Well, here's the next instalment, we're just back from a weekend in Spain and the first night we got slightly tipsy and I managed to broach the subject with DP, i.e why I had a hospital appointment the week before. In fact, he asked me what it was about and I just blurted it all out!! It transpired that he has no problem at all with the sperm test, and he has now become quite enthusiastic about the whole issue of BMS and when we need to do it, etc etc!! How wrong I was about his reaction. Good news, huh! He has even promised to try and lead a more healthy lifestyle too, so we shall see what the results of the test are, when we can spare some time to pop down the clinic. 

*breathes sigh of relief*


----------



## WendyD (Feb 28, 2008)

Hello MadameJoJo, welcome to FF

some of your story so mirrors mine, I was 36 in Feb 2006, got married for second time in May that year and started ttc in July 2006 thinking it would 'just happen'! Oh no  . My DH also has children to a previous partner.

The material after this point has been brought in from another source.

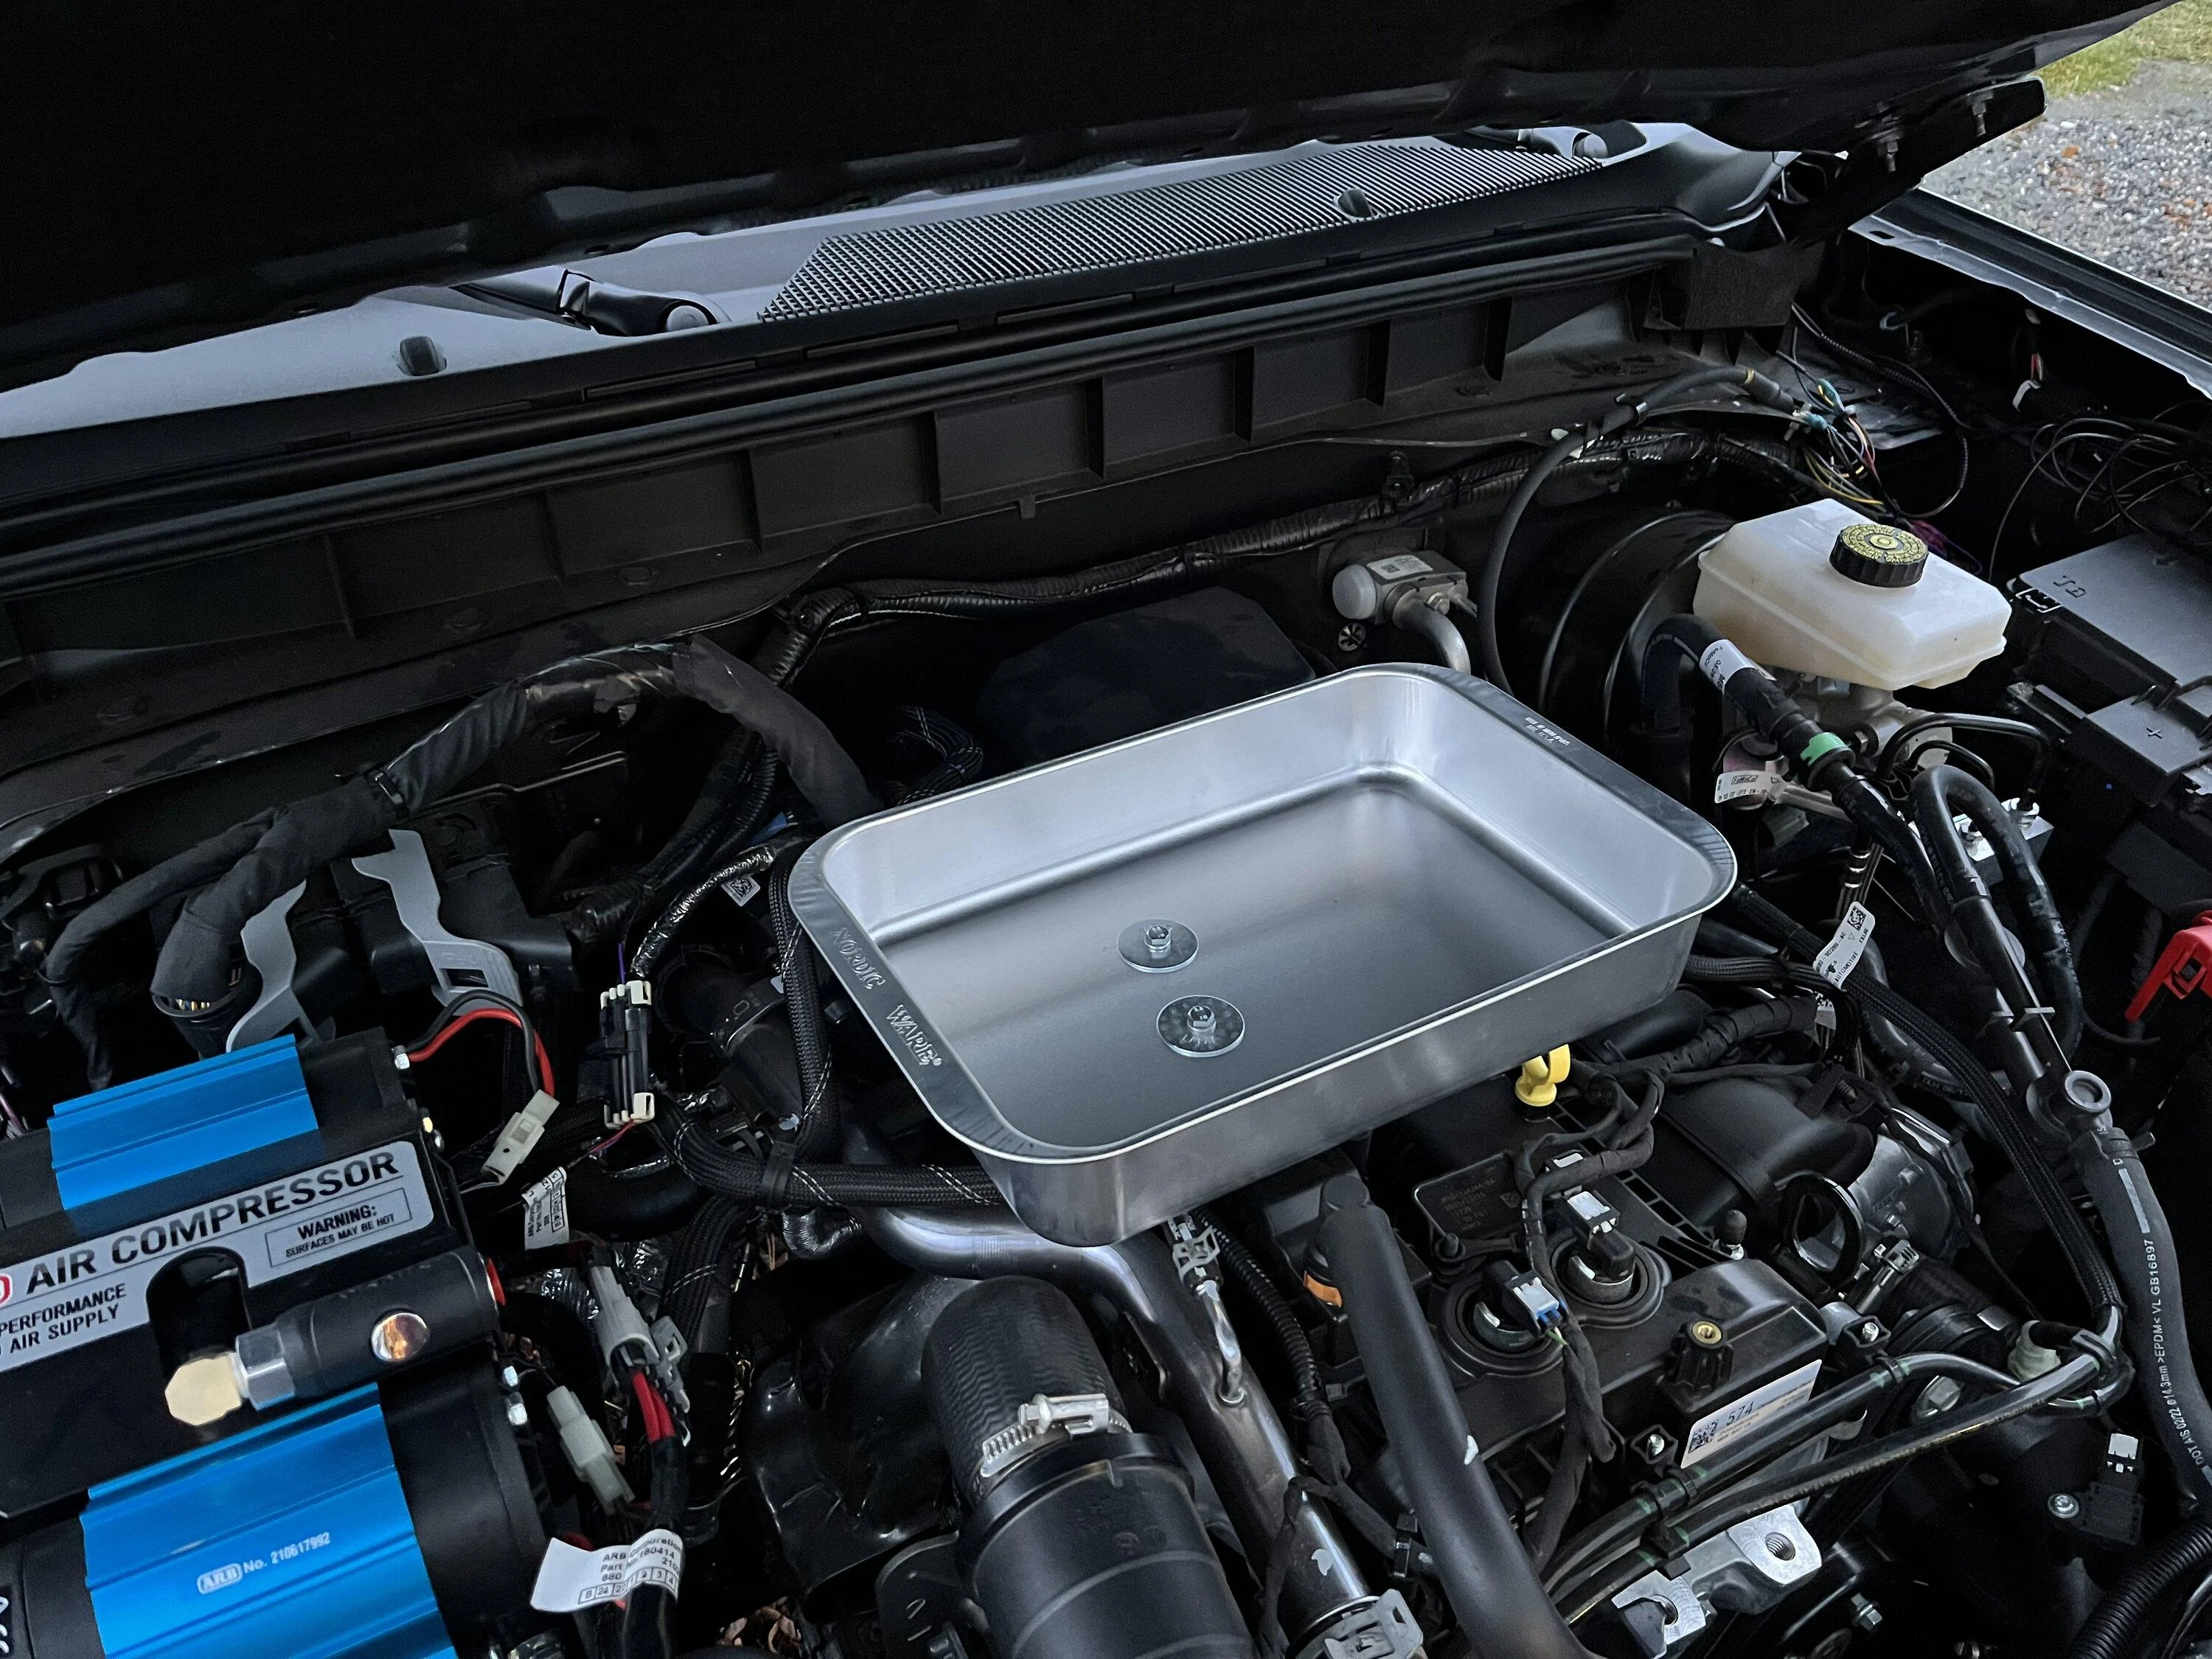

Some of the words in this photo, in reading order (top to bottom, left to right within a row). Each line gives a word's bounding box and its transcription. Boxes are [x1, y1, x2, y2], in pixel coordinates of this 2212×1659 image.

Think the SA tests are pretty regular, mine's not bothered about doing them, more concerned about whether he'll be able to 'perform' (sorry tmi!)

Glad your DP is ok with doing his test and excellent news about him trying to lead a healthier life, it can only help you both ttc.

Hope all goes well for you, take care hun

x x x


----------



## MadameJoJo (Feb 25, 2008)

Thanks for your supportive comment...wishing you lots of luck hun xx


----------



## MadameJoJo (Feb 25, 2008)

Good evening!

I managed to arrange an appointment for DP to go to the clinic next Friday, so progress has definitely been made. I'm so relieved, and I just hope he isn't put off by the surroundings and the pressure to produce something! We had a little joke last night, wondering why I can't come along and give him a 'helping hand' so to speak!     He's surprisingly relaxed about the whole thing (or maybe he's really stressing about inside but he's not letting on too badly!)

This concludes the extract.